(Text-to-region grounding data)
###

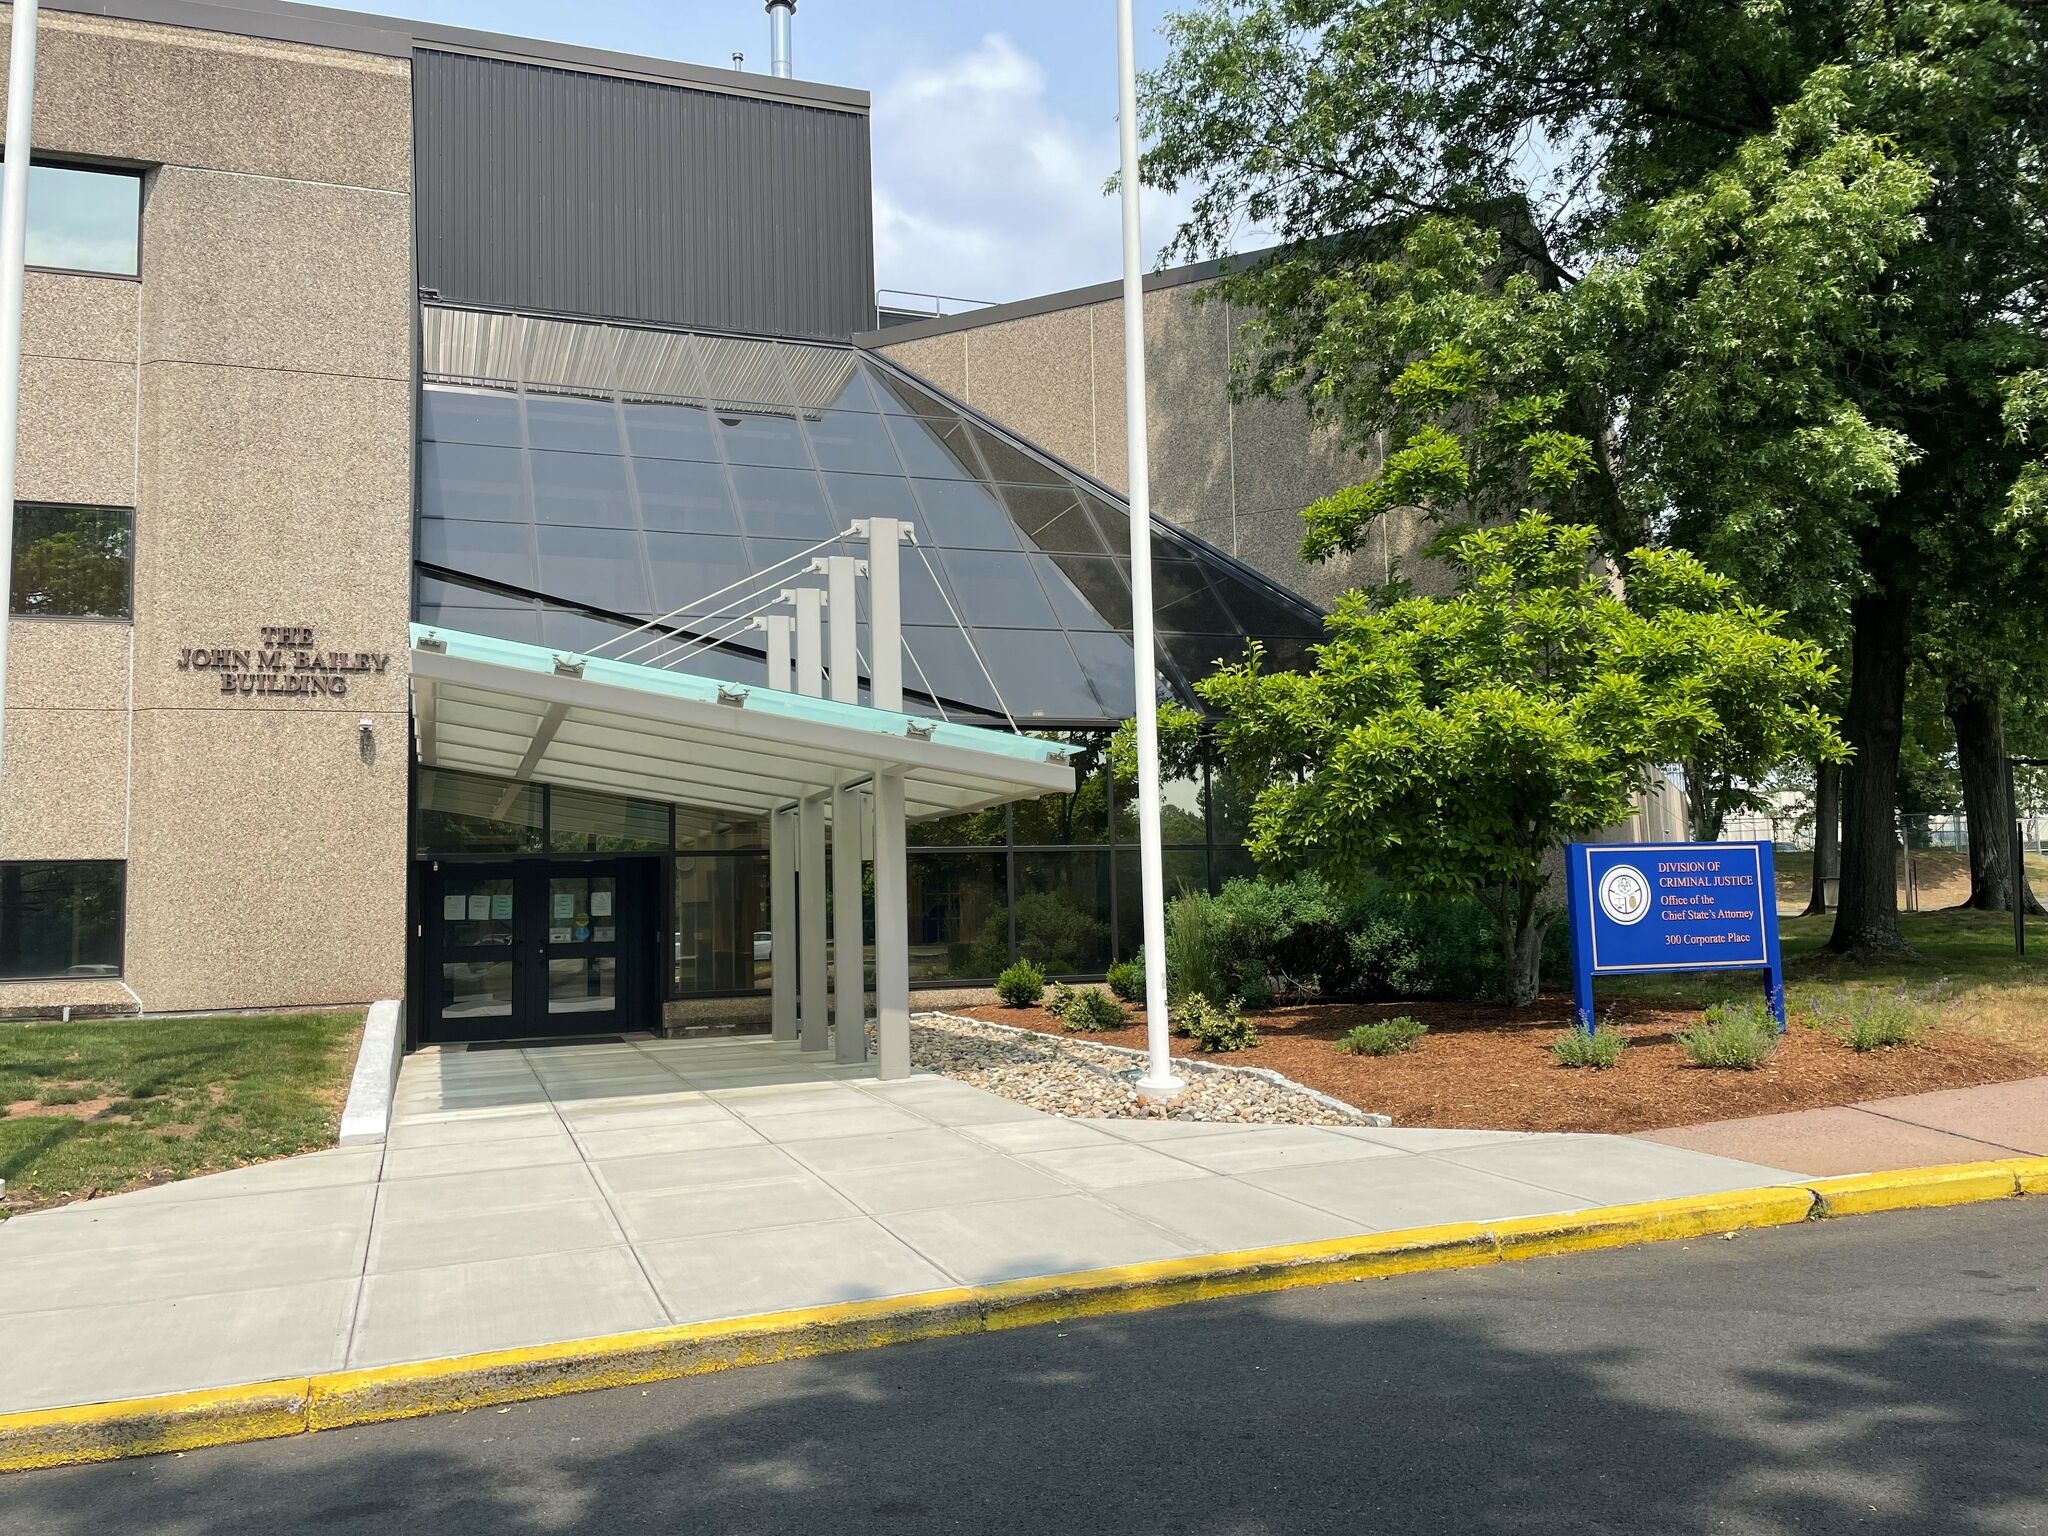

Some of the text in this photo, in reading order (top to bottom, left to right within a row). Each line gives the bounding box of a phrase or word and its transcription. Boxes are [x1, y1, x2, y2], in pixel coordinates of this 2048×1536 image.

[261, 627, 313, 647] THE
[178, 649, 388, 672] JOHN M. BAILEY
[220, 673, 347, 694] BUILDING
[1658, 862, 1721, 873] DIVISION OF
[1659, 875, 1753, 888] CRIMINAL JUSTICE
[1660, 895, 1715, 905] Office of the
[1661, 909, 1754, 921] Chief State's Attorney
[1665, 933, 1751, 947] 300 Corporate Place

###

§ **WHAT YOU ARE ASKED TO DO**: Print all data above verbatim, except pictures.

§ **YOUR SOLUTION**:
Some of the text in this photo, in reading order (top to bottom, left to right within a row). Each line gives the bounding box of a phrase or word and its transcription. Boxes are [x1, y1, x2, y2], in pixel coordinates of this 2048×1536 image.

[261, 627, 313, 647] THE
[178, 649, 388, 672] JOHN M. BAILEY
[220, 673, 347, 694] BUILDING
[1658, 862, 1721, 873] DIVISION OF
[1659, 875, 1753, 888] CRIMINAL JUSTICE
[1660, 895, 1715, 905] Office of the
[1661, 909, 1754, 921] Chief State's Attorney
[1665, 933, 1751, 947] 300 Corporate Place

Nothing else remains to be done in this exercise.